Next, let's look at the difference between interrupting idle threads and interrupting all threads ：

        shutdown()  Methods  interruptIdleWorkers()  Method implementation ：

// Interrupt idle thread 
private void interruptIdleWorkers() {
    interruptIdleWorkers(false);
}

// Interrupt idle thread 
private void interruptIdleWorkers(boolean onlyOne) {
    final ReentrantLock mainLock = this.mainLock;
    mainLock.lock();
    try {
        for (ThreadPoolExecutor.Worker w : workers) {
            Thread t = w.thread;
            // If tryLock success , Indicates that the thread is idle ;
            // If it doesn't work , Indicates that the thread holds the lock , Performing a task 
            if (!t.isInterrupted() && w.tryLock()) {
                try {
                    t.interrupt();
                } catch (SecurityException ignore) {
                } finally {
                    w.unlock();
                }
            }
            if (onlyOne)
                break;
        }
    } finally {
        mainLock.unlock();
    }
}

         shutdownNow()  Methods interruptWorkers()  Method implementation ：

private void interruptWorkers() {
    final ReentrantLock mainLock = this.mainLock;
    mainLock.lock();
    try {
        for (ThreadPoolExecutor.Worker w : workers)
            w.interruptIfStarted();
    } finally {
        mainLock.unlock();
    }
}

The key difference is tryLock()：

         A thread executes a task before , Will be locked , This means by whether to hold the lock , You can determine whether the thread is idle .

        tryLock()  If the call succeeds , Indicates that the thread is idle , Send interrupt signal to it ; Otherwise do not send .
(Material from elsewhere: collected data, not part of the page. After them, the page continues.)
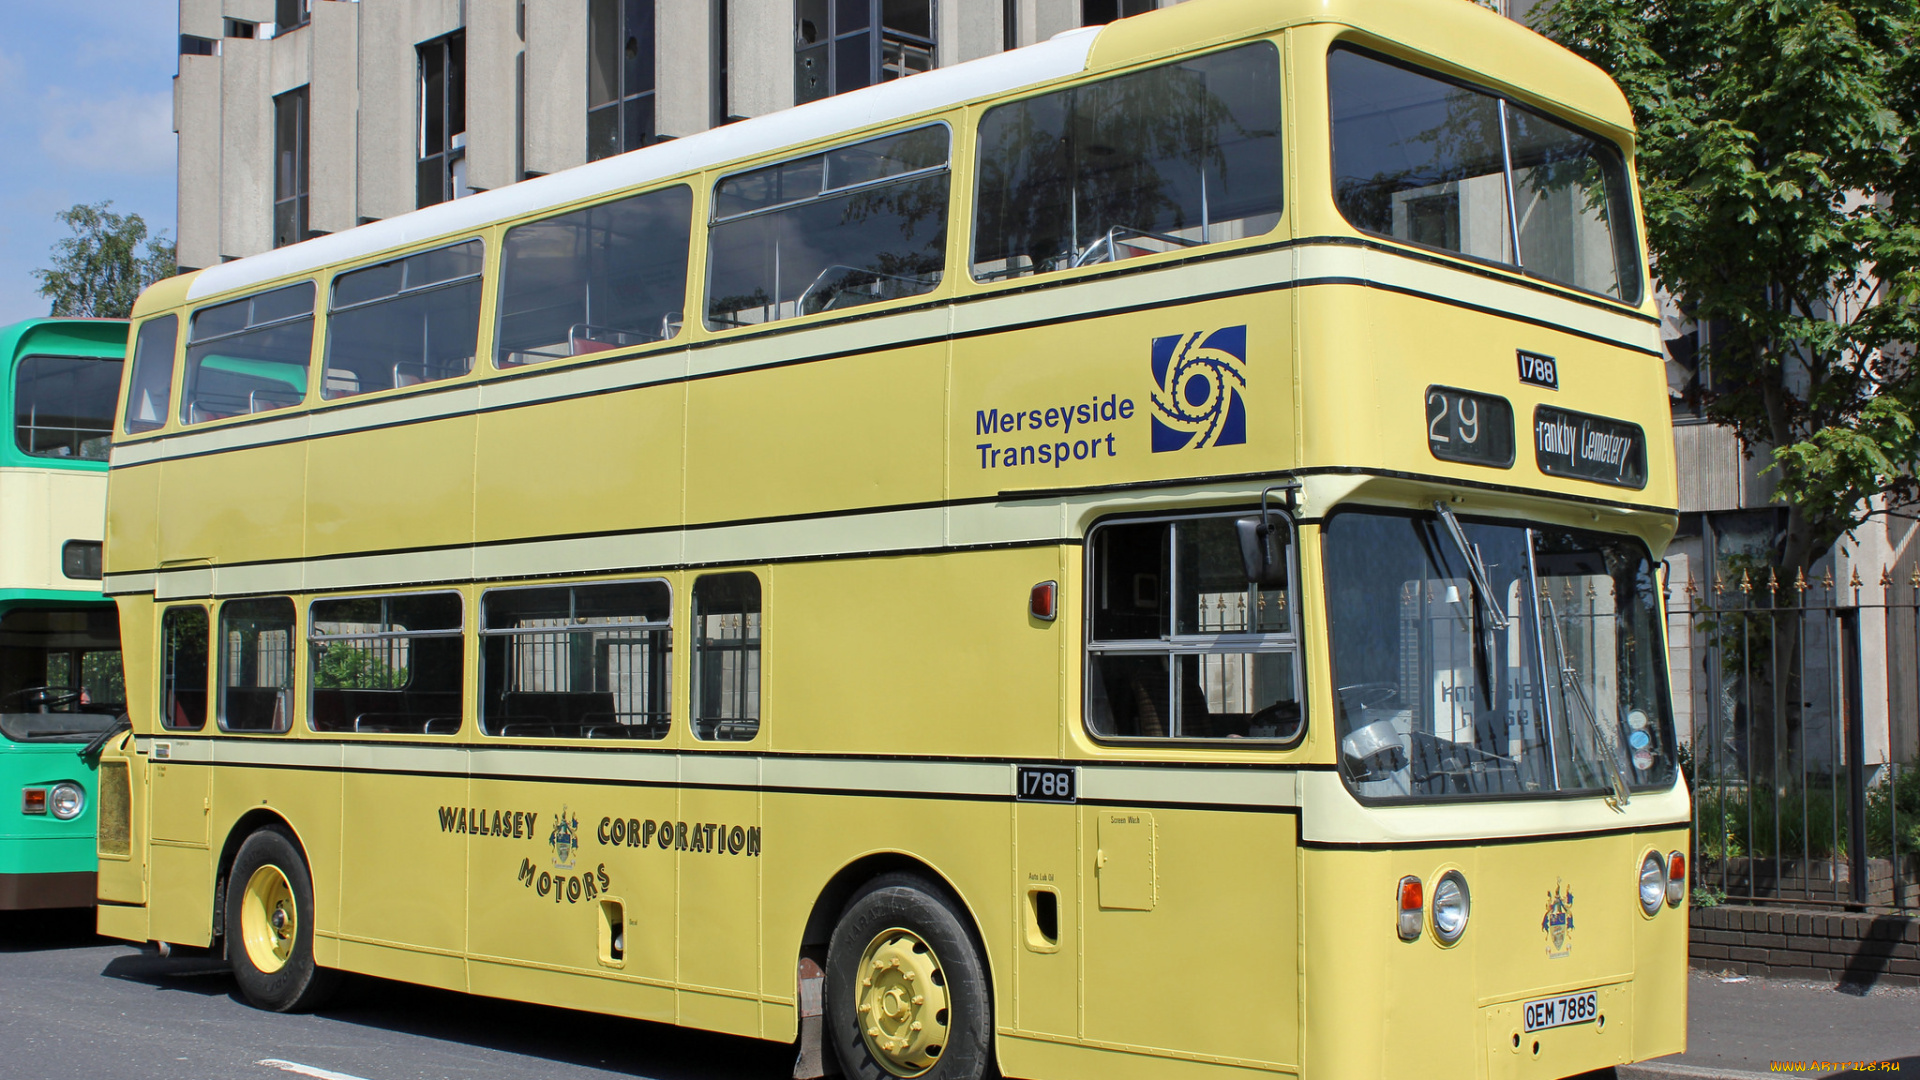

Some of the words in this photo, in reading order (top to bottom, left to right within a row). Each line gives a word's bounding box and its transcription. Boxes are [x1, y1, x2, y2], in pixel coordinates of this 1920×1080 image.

[1520, 354, 1554, 383] 1788
[975, 394, 1135, 436] Merseyside
[1428, 392, 1479, 443] 29
[976, 432, 1117, 469] Transport
[1535, 413, 1578, 467] rankby
[1580, 419, 1632, 477] Cemetery
[1023, 771, 1070, 797] 1788
[438, 806, 538, 839] WALLASEY
[597, 816, 762, 857] CORPORATION
[518, 857, 610, 904] MOTORS
[1526, 1001, 1555, 1029] OEM
[1558, 994, 1597, 1022] 788S
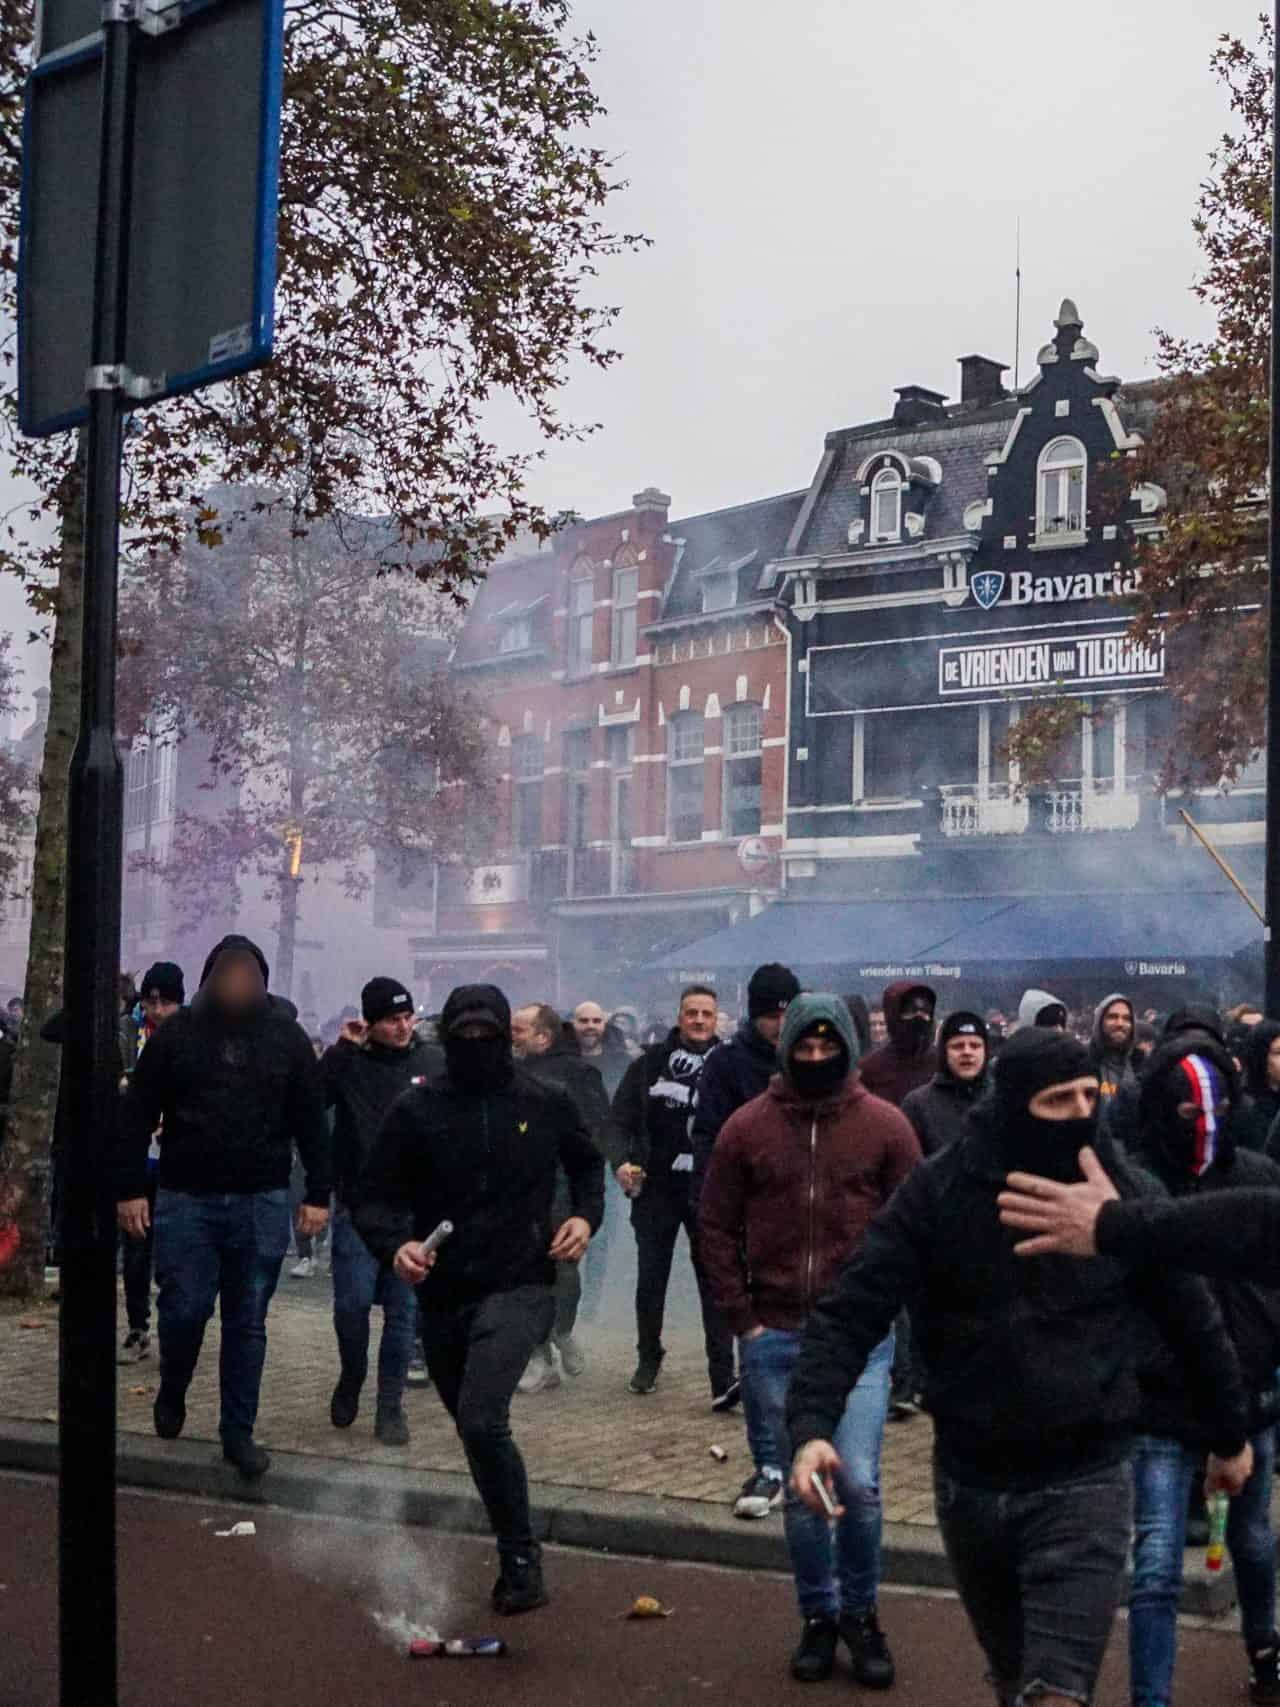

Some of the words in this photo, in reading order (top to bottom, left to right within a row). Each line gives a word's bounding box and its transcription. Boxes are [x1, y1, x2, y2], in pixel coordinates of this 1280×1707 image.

public boolean tryLock()  { return tryAcquire(1); }

protected boolean tryAcquire(int unused) {
    if (compareAndSetState(0, 1)) {
        setExclusiveOwnerThread(Thread.currentThread());
        return true;
    }
    return false;
}

shutdownNow() Called interruptWorkers() Method ：

private void interruptWorkers() {
    final ReentrantLock mainLock = this.mainLock;
    mainLock.lock();
    try {
        for (ThreadPoolExecutor.Worker w : workers)
            w.interruptIfStarted();
    } finally {
        mainLock.unlock();
    }
}

void interruptIfStarted() {
    Thread t;
    // All interrupts that are in operation and are not interrupted 
    if (getState() >= 0 && (t = thread) != null && !t.isInterrupted()) {
        try {
            t.interrupt();
        } catch (SecurityException ignore) {
        }
    }
}

shutdown() and shutdownNow()  They all called. tryTerminate() Method , As shown below ：

final void tryTerminate() {
    for (;;) {
        int c = ctl.get();
        if (isRunning(c) ||
                runStateAtLeast(c, TIDYING) ||
                (runStateOf(c) == SHUTDOWN && ! workQueue.isEmpty()))
            return;
        if (workerCountOf(c) != 0) { // Eligible to terminate
            interruptIdleWorkers(ONLY_ONE);
            return;
        }

        // When workQueue It's empty ,workCount = 0  when 
        final ReentrantLock mainLock = this.mainLock;
        mainLock.lock();
        try {
            //  Switch the state to TIDYING state 
            if (ctl.compareAndSet(c, ctlOf(TIDYING, 0))) {
                try {
                    // Call hook function 
                    terminated();
                } finally {
                    // Change the status from  TIDYING  Change it to  TERMINATED
                    ctl.set(ctlOf(TERMINATED, 0));
                    // notice awaitTermination(.....)
                    termination.signalAll();
                }
                return;
            }
        } finally {
            mainLock.unlock();
        }
    }
}

        tryTerminate() The thread pool will not be forcibly terminated , Just a test ： When workerCount by 0,workerQueue by   Space time , First switch the state to  TIDYING, Then call the hook method.  terminated(). When the hook method execution is complete , Change the state from TIDYING Change it to TERMINATED, Then call  termination.sinaglAll(), Blocking in front of notification  awaitTermination  All caller threads .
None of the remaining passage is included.